Just over a week ago, on Monday, 25 October, Sudan’s military apprehended the country’s civilian leaders—including Prime Minister Abdalla Hamdok, who remains under house arrest. This happened a few weeks after a failed coup attempt and after months of increased tensions between civilian leaders and the military.

Before its removal, the civilian government was part of a relatively recent democratic experiment,  following the April 2019 revolution which ousted former president and alleged war criminal Omar al-Bashir. After al-Bashir’s fall, Sudan gradually began to reform and normalise its relations with the West. Crucially, this paved the way for foreign investments and aid. However, just hours after this latest coup, the United States suspended a USD 700 million package of economic support, as it was conditional upon Sudan’s democratic transition, followed by the World Bank and other bilateral donors. Moreover, the European Union (EU) threatened to suspend financial support if Sudan’s military does not immediately restore civilians to positions of power. For its part, the African Union (AU) has suspended Sudan’s membership.

With this seemingly backwards political shift, Sudan risks becoming isolated once again and  some analysts suggest that civil war may be reignited in Sudan’s regions of Darfur and South Kordofan. The United States, the EU, the AU, the Intergovernmental Authority on Development (IGAD) and the United Nations (UN) have denounced the coup.
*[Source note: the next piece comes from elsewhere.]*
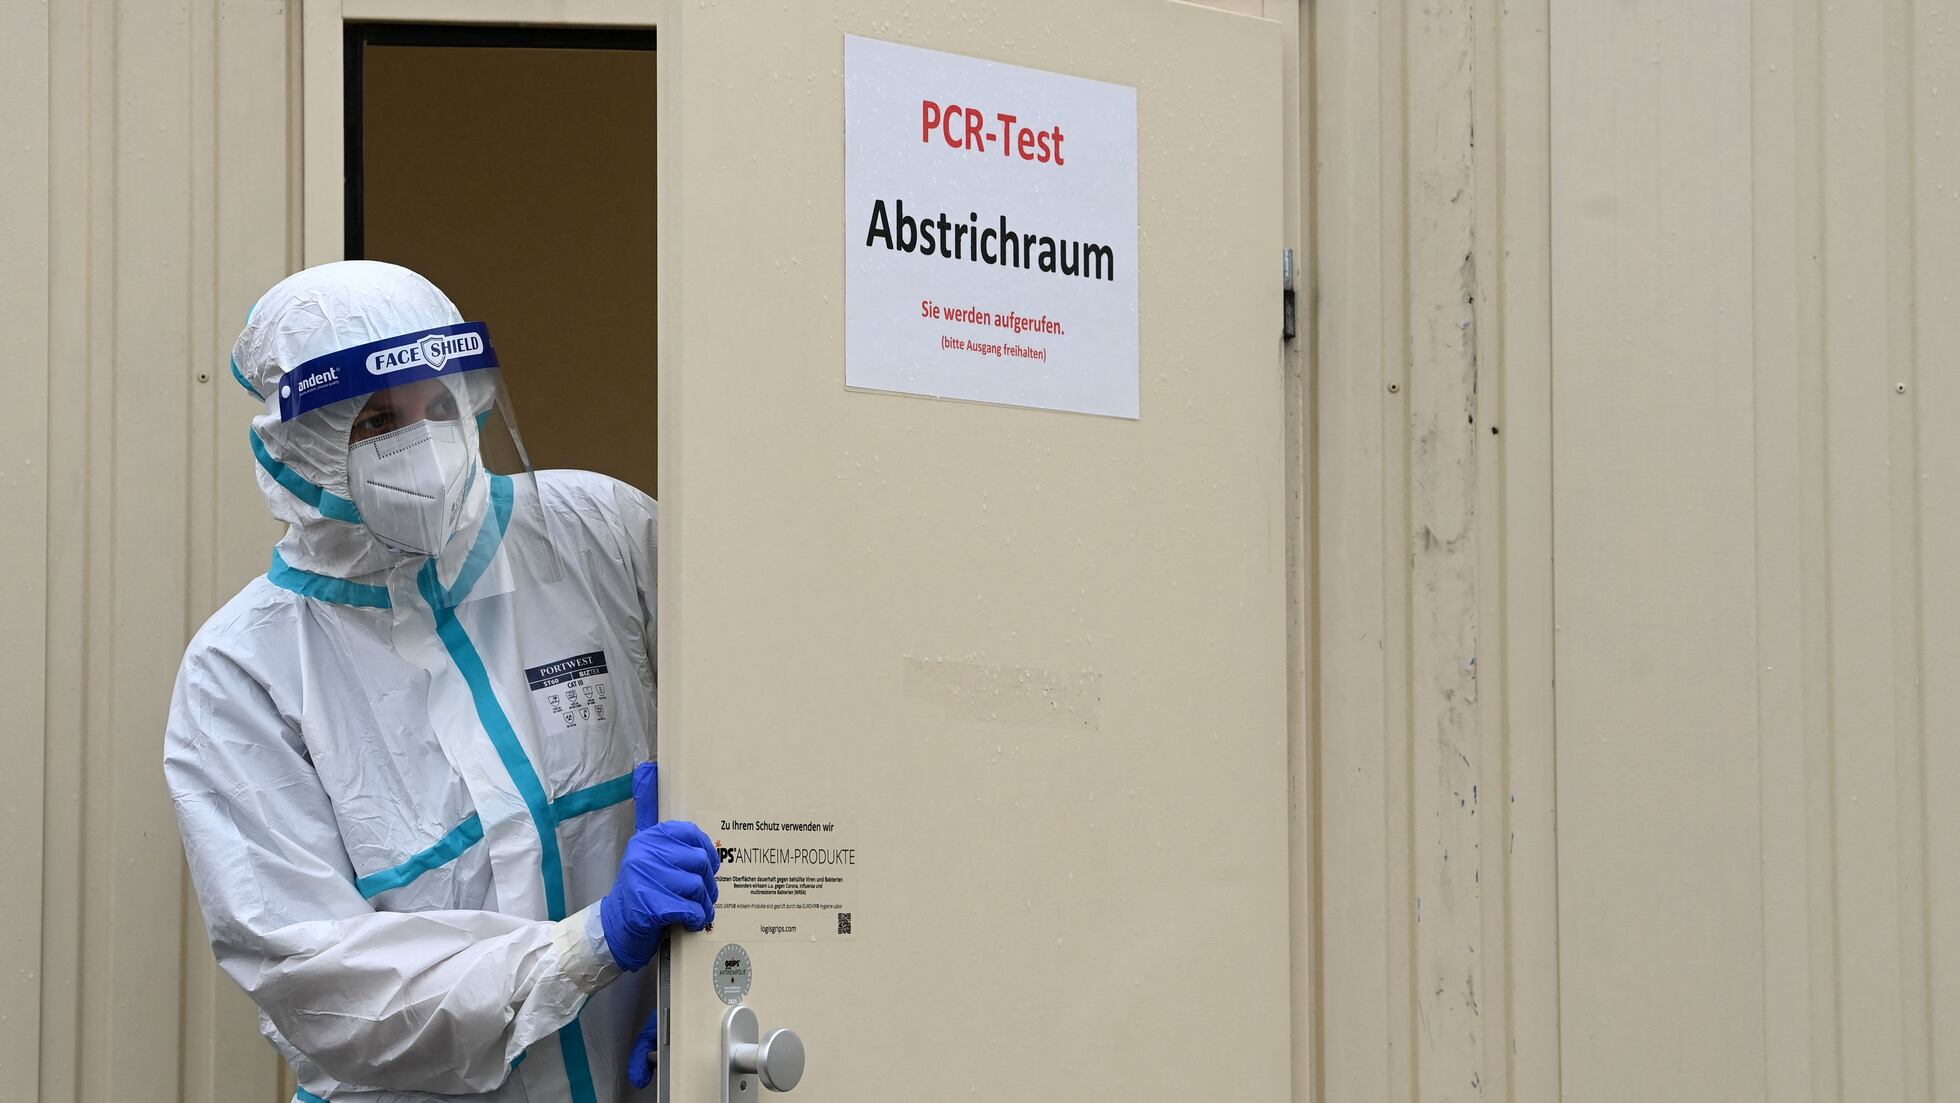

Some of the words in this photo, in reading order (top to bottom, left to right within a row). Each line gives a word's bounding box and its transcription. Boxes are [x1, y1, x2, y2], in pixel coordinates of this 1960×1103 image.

However, it remains to be seen how much pressure these actors shall exert on Sudan’s military and whether this will outweigh the military’s interest in maintaining its economic privileges and political power, both of which were expected to end in November when the Forces for Freedom and Change were to become head of state. At the same time, countries like Egypt, Saudi Arabia, and the United Arab Emirates, all with strong ties to Sudan’s generals, have called for calm without explicitly condemning the coup.

Reliable information on ongoing developments is difficult to obtain and much of the country remains without internet. Economic hardship – already among the reasons people rose up against al-Bashir in 2019 – has only deteriorated further since, with inflation increasing to over 400 per cent in July and regular shortages of basic goods. Against this backdrop, to show commitment to the international financial institutions considering writing off Sudan’s debts, Hamdok’s administration cut subsidies, causing further economic hardship for ordinary citizens.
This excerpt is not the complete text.